[[ RECORDS TO USE open ]]

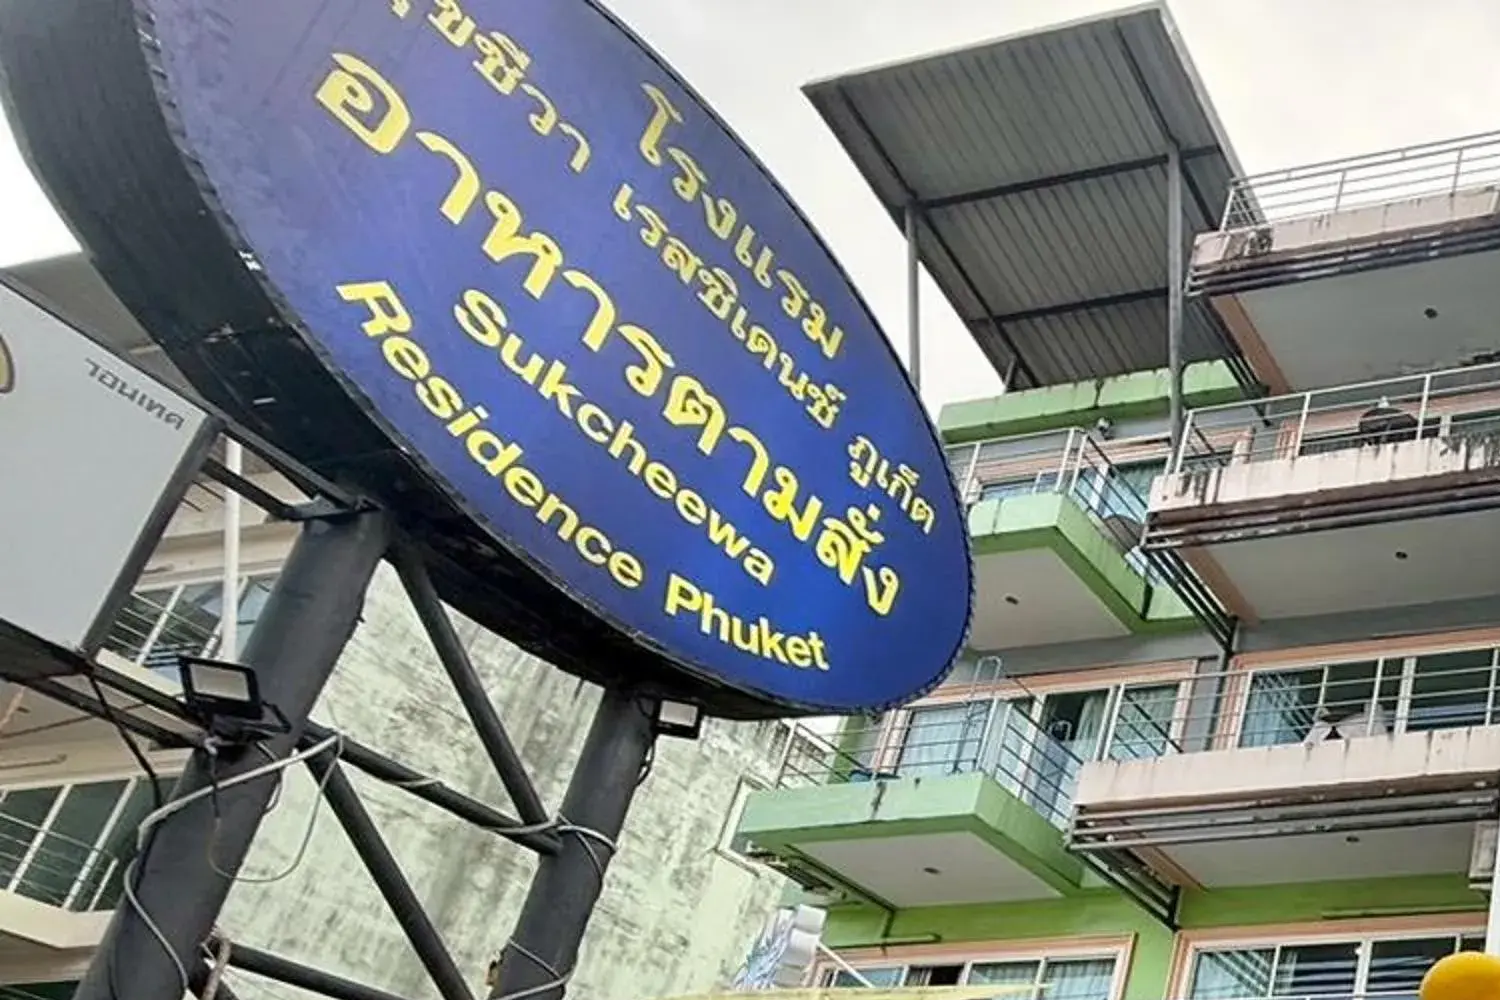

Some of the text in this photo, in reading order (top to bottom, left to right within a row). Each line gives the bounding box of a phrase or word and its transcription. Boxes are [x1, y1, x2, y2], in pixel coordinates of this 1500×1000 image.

[315, 52, 899, 616] อาหารตามสั่ง
[391, 0, 591, 173] ุขชีวา
[848, 435, 936, 535] ภูเก็ต
[640, 82, 844, 359] โรงแรม
[335, 280, 830, 671] Residence Phuket
[454, 288, 775, 587] Sukcheewa
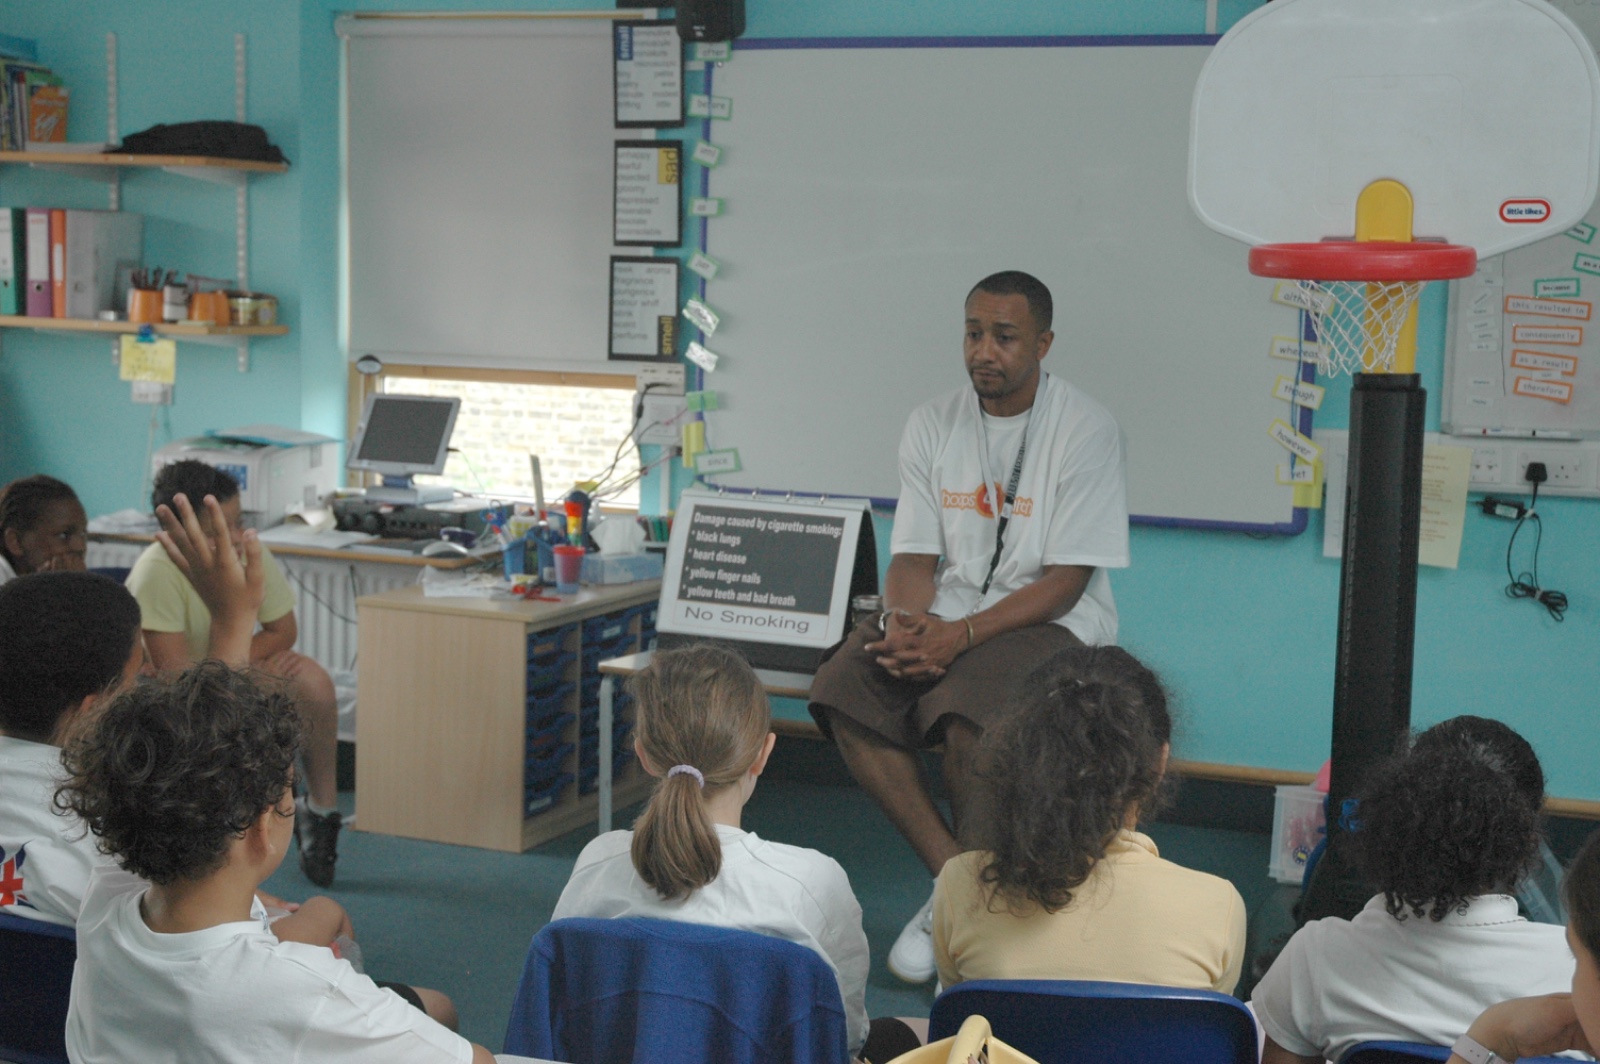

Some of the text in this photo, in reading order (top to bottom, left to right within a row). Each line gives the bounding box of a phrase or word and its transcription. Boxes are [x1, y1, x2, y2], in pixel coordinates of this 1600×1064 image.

[619, 25, 630, 59] small
[702, 47, 725, 57] after
[697, 99, 726, 110] beore
[664, 147, 678, 184] sad
[1511, 301, 1585, 315] this resulted in
[661, 316, 674, 355] smell
[1520, 331, 1576, 341] consequently
[1518, 356, 1569, 369] as a result
[1523, 383, 1564, 396] therefore
[1276, 430, 1312, 455] however
[942, 491, 977, 509] hoops
[694, 512, 842, 539] Damage caused by cigarette smoking:
[696, 530, 742, 547] black lungs
[692, 548, 747, 565] heart disease
[689, 567, 761, 585] yellow finger nails
[687, 585, 797, 607] yellow teeth and bad breath
[684, 606, 811, 634] No Smoking

[[ RECORDS TO USE closed ]]

DIRECTIONS FOR THIS TASK
Retype each entry exactly. No pictures.

SOLUTION FOR THIS TASK
Some of the text in this photo, in reading order (top to bottom, left to right within a row). Each line gives the bounding box of a phrase or word and its transcription. Boxes are [x1, y1, x2, y2], in pixel coordinates of this 1500×1000 image.

[315, 52, 899, 616] อาหารตามสั่ง
[391, 0, 591, 173] ุขชีวา
[848, 435, 936, 535] ภูเก็ต
[640, 82, 844, 359] โรงแรม
[335, 280, 830, 671] Residence Phuket
[454, 288, 775, 587] Sukcheewa

Some of the text in this photo, in reading order (top to bottom, left to right within a row). Each line gives the bounding box of a phrase or word and its transcription. Boxes are [x1, y1, x2, y2], in pixel coordinates of this 1600×1064 image.

[619, 25, 630, 59] small
[702, 47, 725, 57] after
[697, 99, 726, 110] beore
[664, 147, 678, 184] sad
[1511, 301, 1585, 315] this resulted in
[661, 316, 674, 355] smell
[1520, 331, 1576, 341] consequently
[1518, 356, 1569, 369] as a result
[1523, 383, 1564, 396] therefore
[1276, 430, 1312, 455] however
[942, 491, 977, 509] hoops
[694, 512, 842, 539] Damage caused by cigarette smoking:
[696, 530, 742, 547] black lungs
[692, 548, 747, 565] heart disease
[689, 567, 761, 585] yellow finger nails
[687, 585, 797, 607] yellow teeth and bad breath
[684, 606, 811, 634] No Smoking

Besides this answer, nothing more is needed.